As conflict, insecurity, and instability in the Sahel region have increased, the need for spaces for dialogue, and for reliable, factual, local sources of information, has perhaps never been greater.
Fragile human and economic development processes, political instability, insecurity, inequality and climate change have plunged the Sahel region into a succession of overlapping and mutually reinforcing crises for several years. The result is low economic growth, unemployment, a population explosion, migration, drought, inter-communal violence and violent extremism. Decades of poor governance, inflexible political systems and institutions have also blocked much-needed reforms, discredited public service institutions, and impoverished populations. The effects can be seen in the multiple coups that took place in 2021 and early 2022 in Mali, Chad, Guinea Conakry and Burkina Faso. The situation of the people in the region is not improving and democratic processes are eroding. Freedom of expression and freedom of the press are at risk.

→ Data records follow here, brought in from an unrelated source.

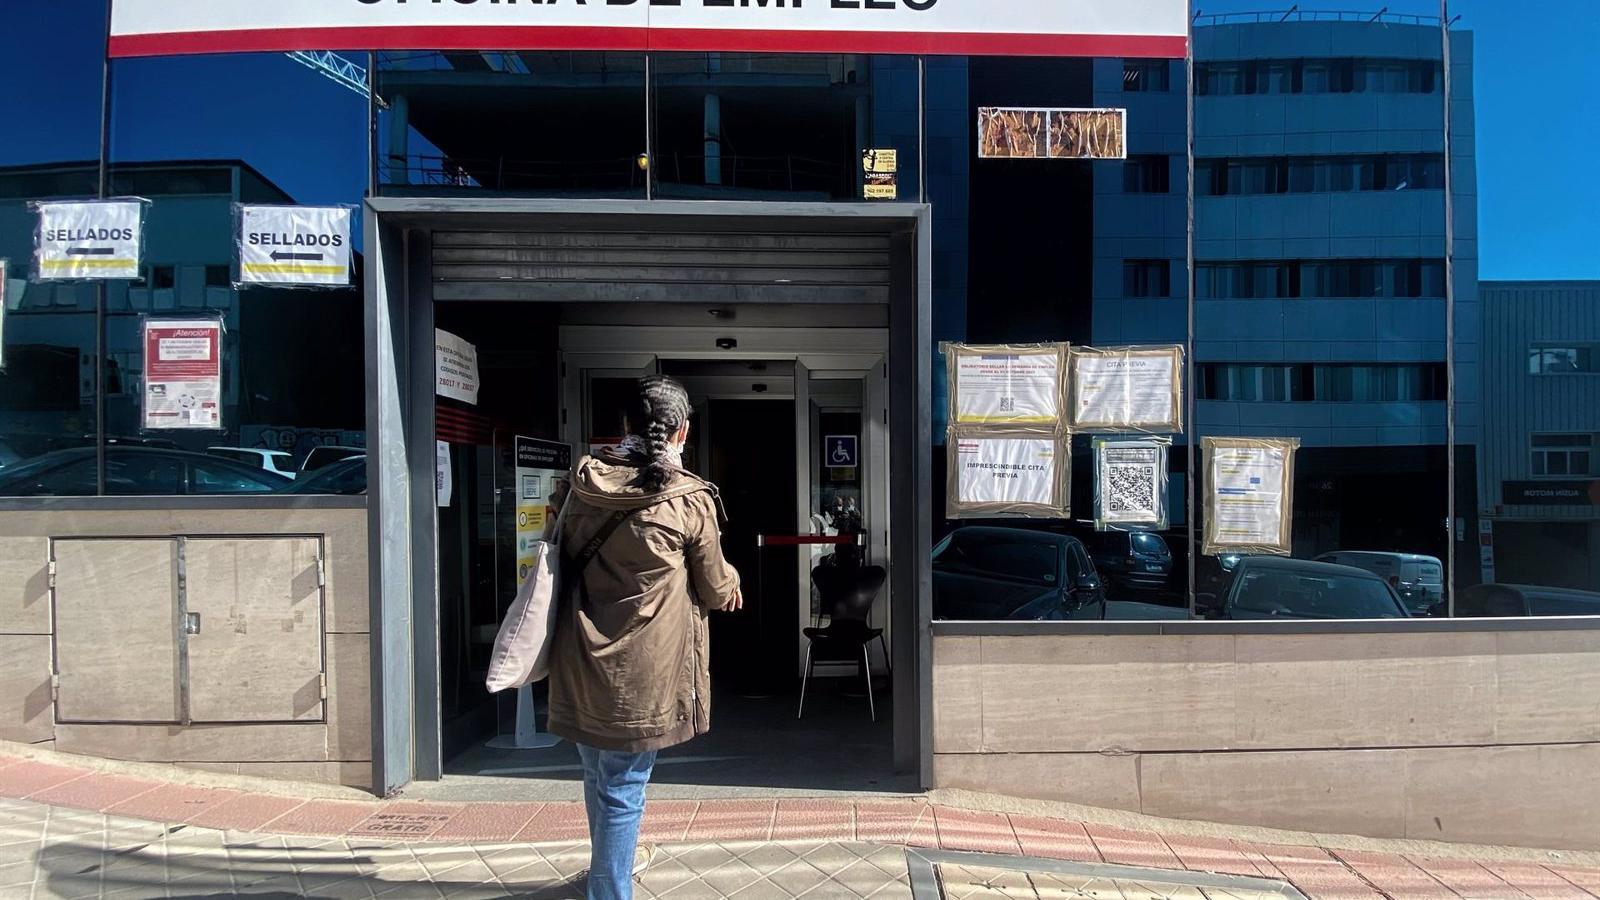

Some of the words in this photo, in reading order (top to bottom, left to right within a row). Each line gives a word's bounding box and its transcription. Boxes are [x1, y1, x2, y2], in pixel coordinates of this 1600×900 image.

[46, 228, 133, 242] SELLADOS
[248, 233, 343, 247] SELLADOS
[173, 328, 210, 338] ¡Atención!
[967, 463, 1026, 471] IMPRESCINDIBLE
[367, 824, 430, 832] GRATIS

The first victims of these crises are often young people and women, who are under-represented in institutions and intermediary bodies. In 2021, Mali, Niger, Burkina Faso and Chad all ranked in the bottom 15 of 162 countries on the UN Gender Inequality Index.
Climate change is also exacerbating instability. It has significantly altered the living conditions of populations in the Sahel, leading to an increase in the proportion of climate refugees, a trend that seems irreversible. This, in addition to the other factors mentioned above, has caused millions of people to migrate within and beyond their countries’ borders, resulting in human tragedies with considerable social and economic consequences.

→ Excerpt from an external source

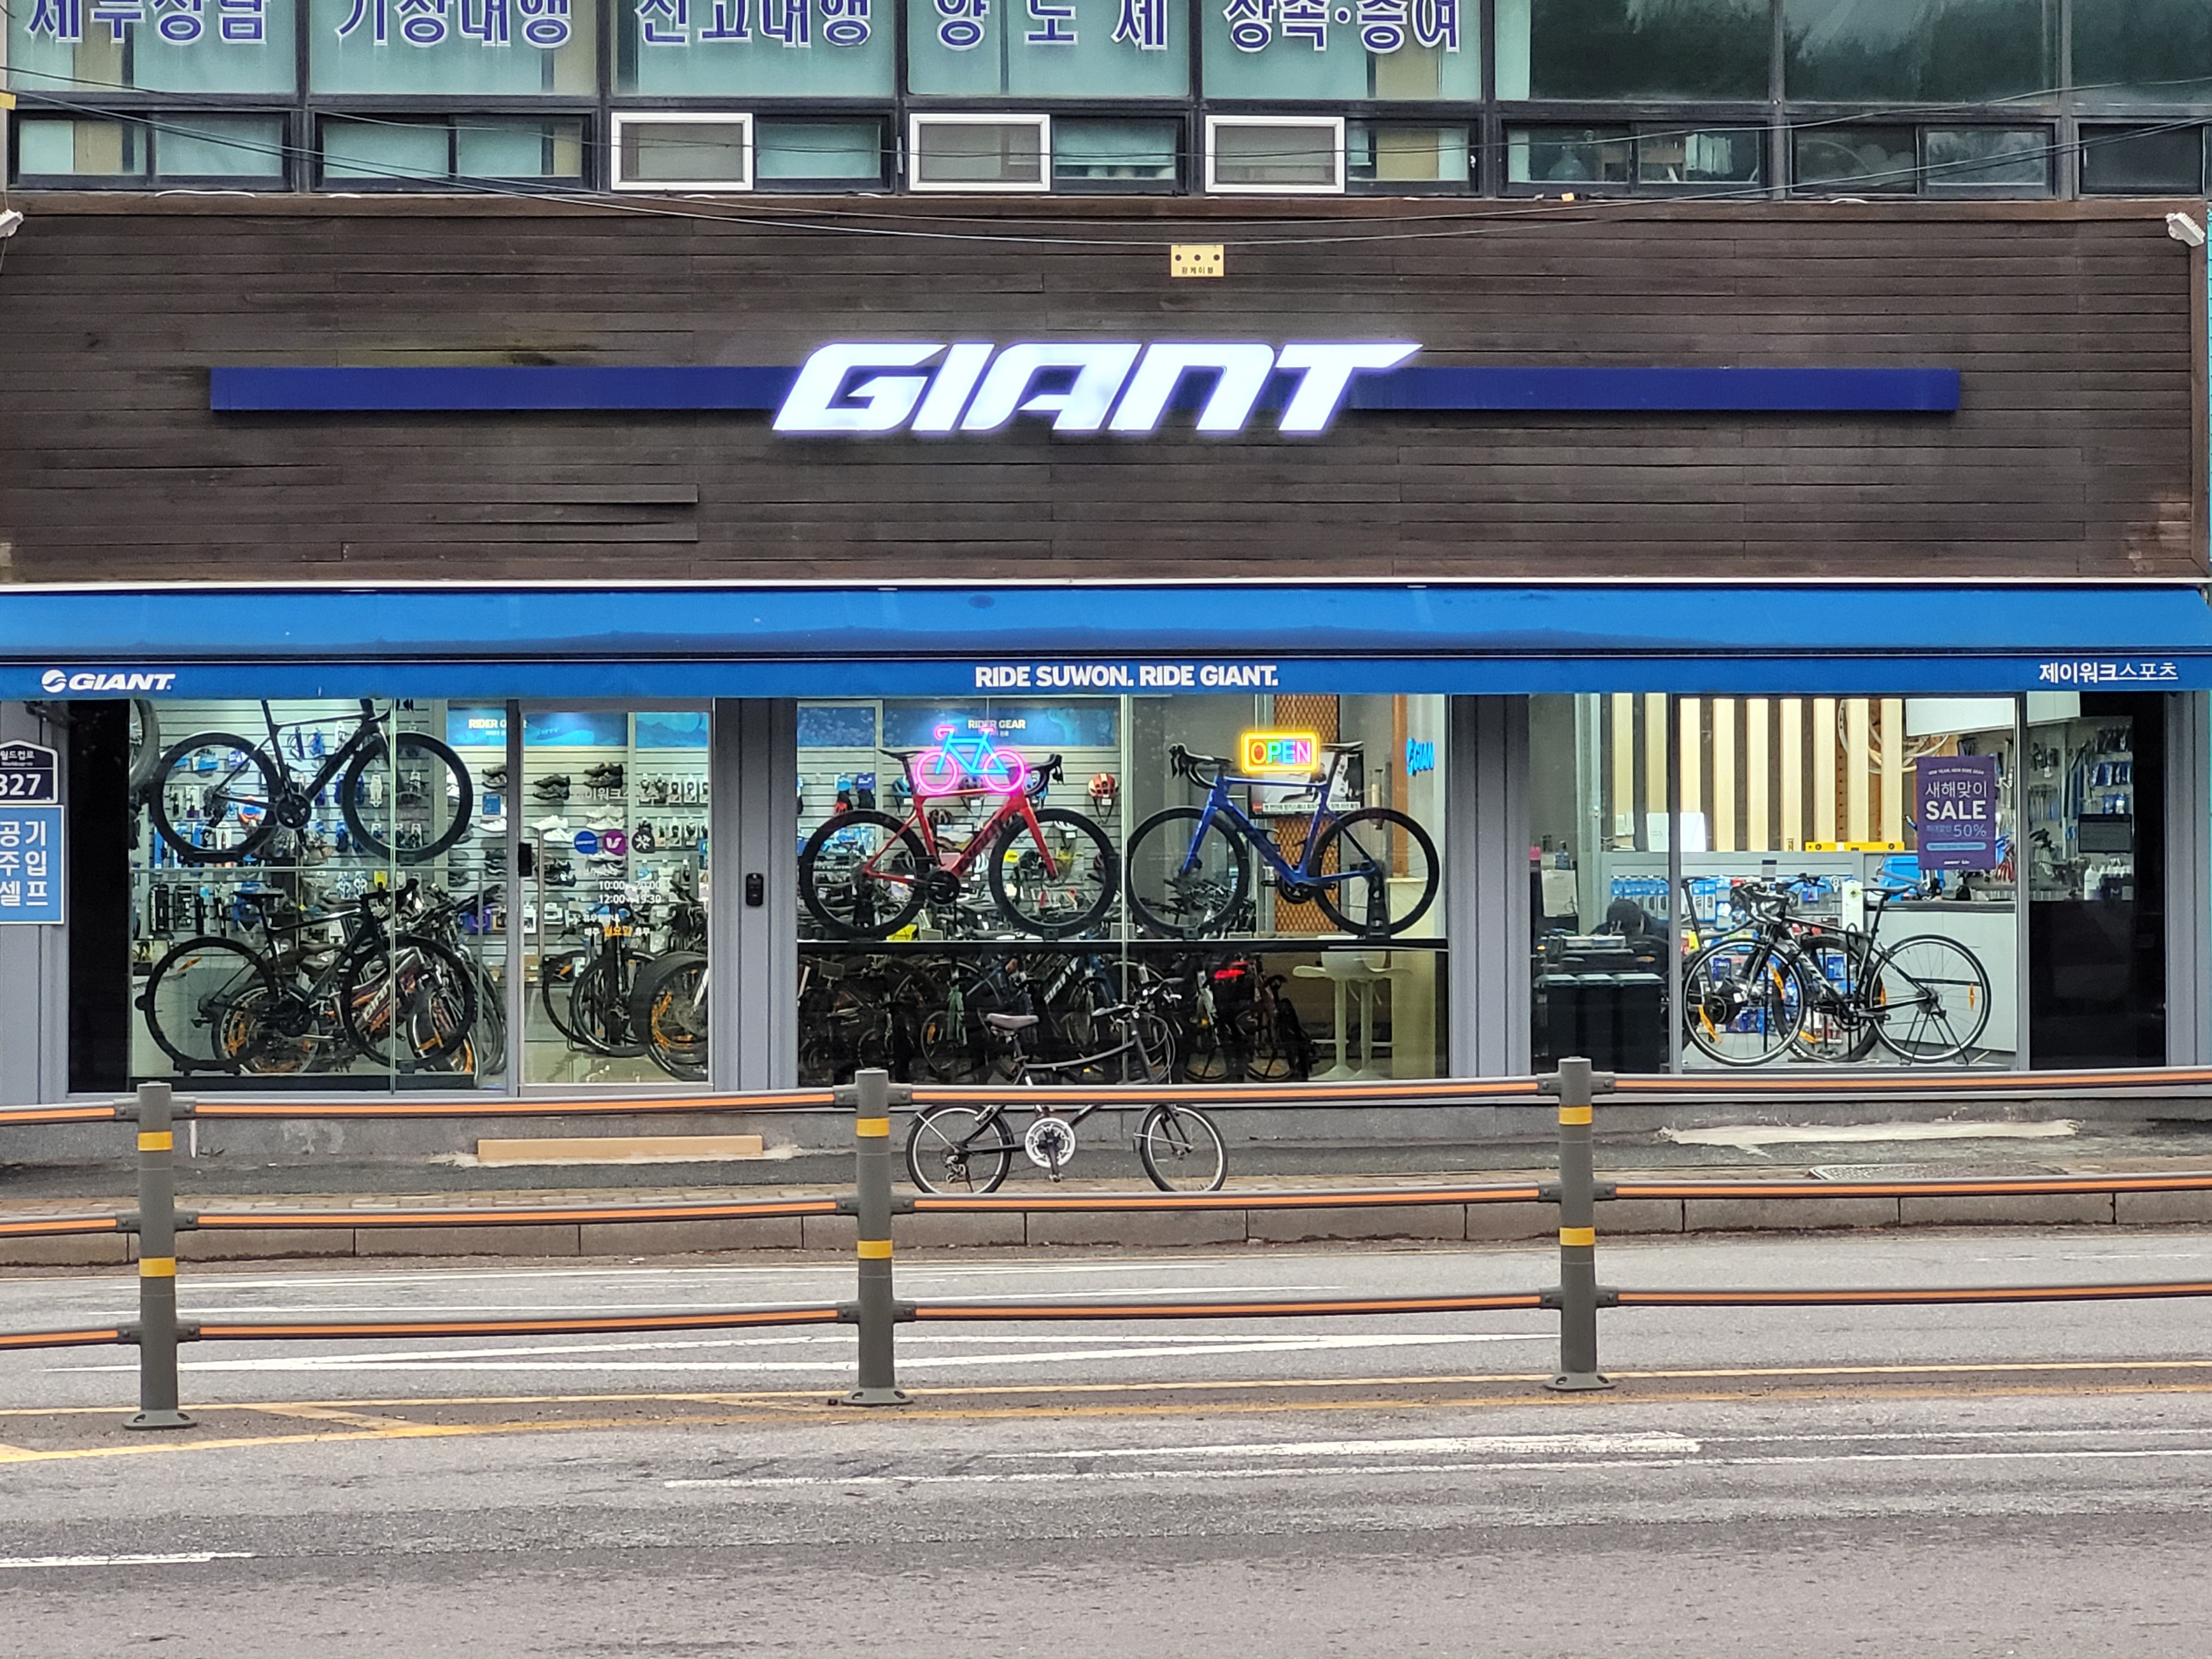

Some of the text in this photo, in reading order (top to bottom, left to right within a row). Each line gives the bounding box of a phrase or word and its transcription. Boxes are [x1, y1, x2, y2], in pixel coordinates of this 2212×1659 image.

A stark reminder of this instability is the triple border between Niger, Burkina and Mali, where violent extremist groups and inter-communal violence ravage local communities. 650 people died as a result of violent incidents in this region in 2021, according to humanitarian organizations and the UN.* This violence is causing a major humanitarian crisis: 5.2 million people were food insecure at the end of 2021, and 2.4 million people in the central Sahel had been forced to leave their homes and become “internally displaced,” including 1.4 million in Burkina Faso.
In this context, the media, whether digital (Internet, social networks) or traditional (radio, television, print), play a key role in informing the population about all these crises, their causes and possible solutions. The media, especially radio stations, are relatively numerous in most Sahel countries. However, they remain fragile and lack resources, especially trained and independent journalists. Their editorial lines often reflect exclusively the opinions of their owners, whether state or private. Whether voluntarily or due to lack of professionalism, they sometimes relay misinformation that circulates online, on social networks, in WhatsApp groups, in towns and villages, and that spreads during crises.
But professional, independent, accountable media whose journalists are trained and equipped to work can help provide reliable, factual information that calms fears and combats rumours — media that create and maintain dialogue and tolerance by exposing people to diverse viewpoints and questioning leaders to hold them accountable. The media can thus play its full role as an intermediary between populations, civil society actors and governments to amplify the voice of citizens at national and regional levels.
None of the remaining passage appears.